Lindsay Lohan started doing the community service work she has to do as part of her DUI plea deal. She’s working at the American Red Cross in the LA area, and she put in 7 hours yesterday.
The pictures from this event are boring, as is everything Lindsay does lately.
Unfortunately, I can’t publicly encourage her to drink anymore, because I promised God that if the Paris Hilton drunken elephants quote was real, I’d quit doing that. The AP picked up the story this morning, so I guess it’s real. And a deal’s a deal. So, um, good for you, Lindsay. Way to be boring and not help me make any money. Thanks hon.
Ivana Trump reminds us all why, well into her 60s, she gets to marry a 35-year-old hottie and you don’t.
This is such bullshit. Her tits are perkier than mine! But I have a bona fide 25-year-old vagina and I’m still single.
How long until Barron Trump turns 18? Or I’d even take one of those little Hilton boys. Whatever. I’m officially bitter.
I have no idea who named this girl. It sounds like she’s some sort of really cheap hooker who wants to be French.

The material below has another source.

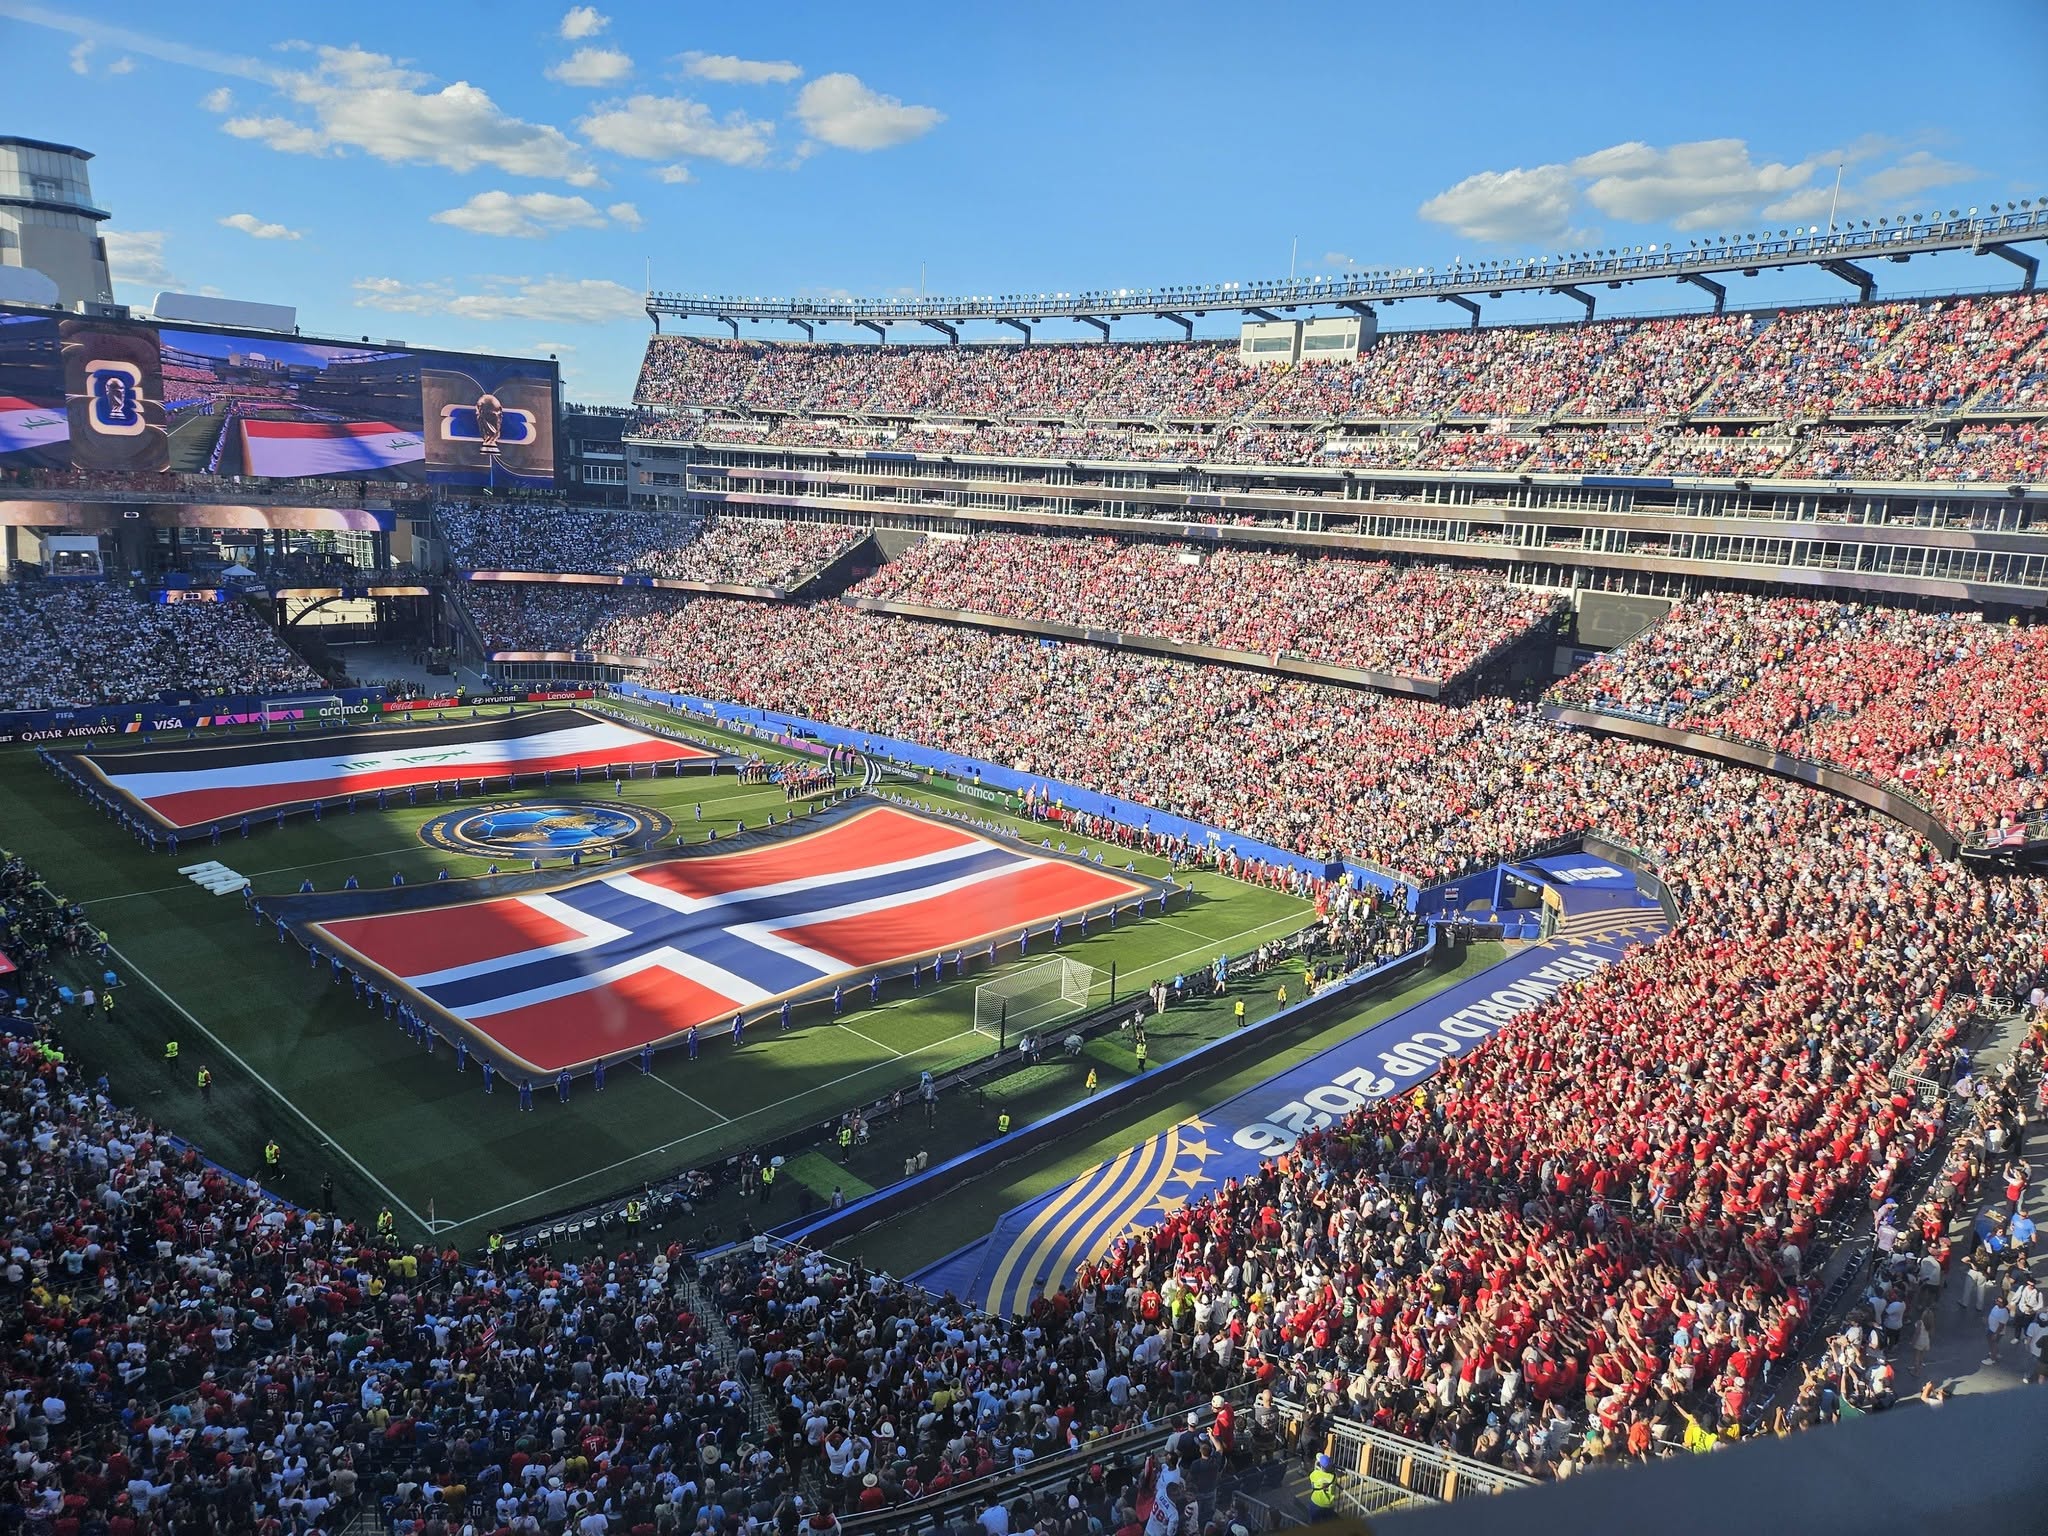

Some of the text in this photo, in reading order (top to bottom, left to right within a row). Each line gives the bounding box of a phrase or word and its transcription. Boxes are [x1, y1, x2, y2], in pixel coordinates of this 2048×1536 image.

Anyway, she’s supposedly running around town with Owen Wilson. They even took a yoga class together!
Page Six ran a piece yesterday about how she stole and purposely broke an umbrella some NYC restauranteur lent her. Sounds like she’s exactly what Owen Wilson needs right now. About as much as he needs to be running around the NYC bar scene.
Magic Johnson and his son, Andre, walk the red carpet at the world premiere of “This Christmas” in LA.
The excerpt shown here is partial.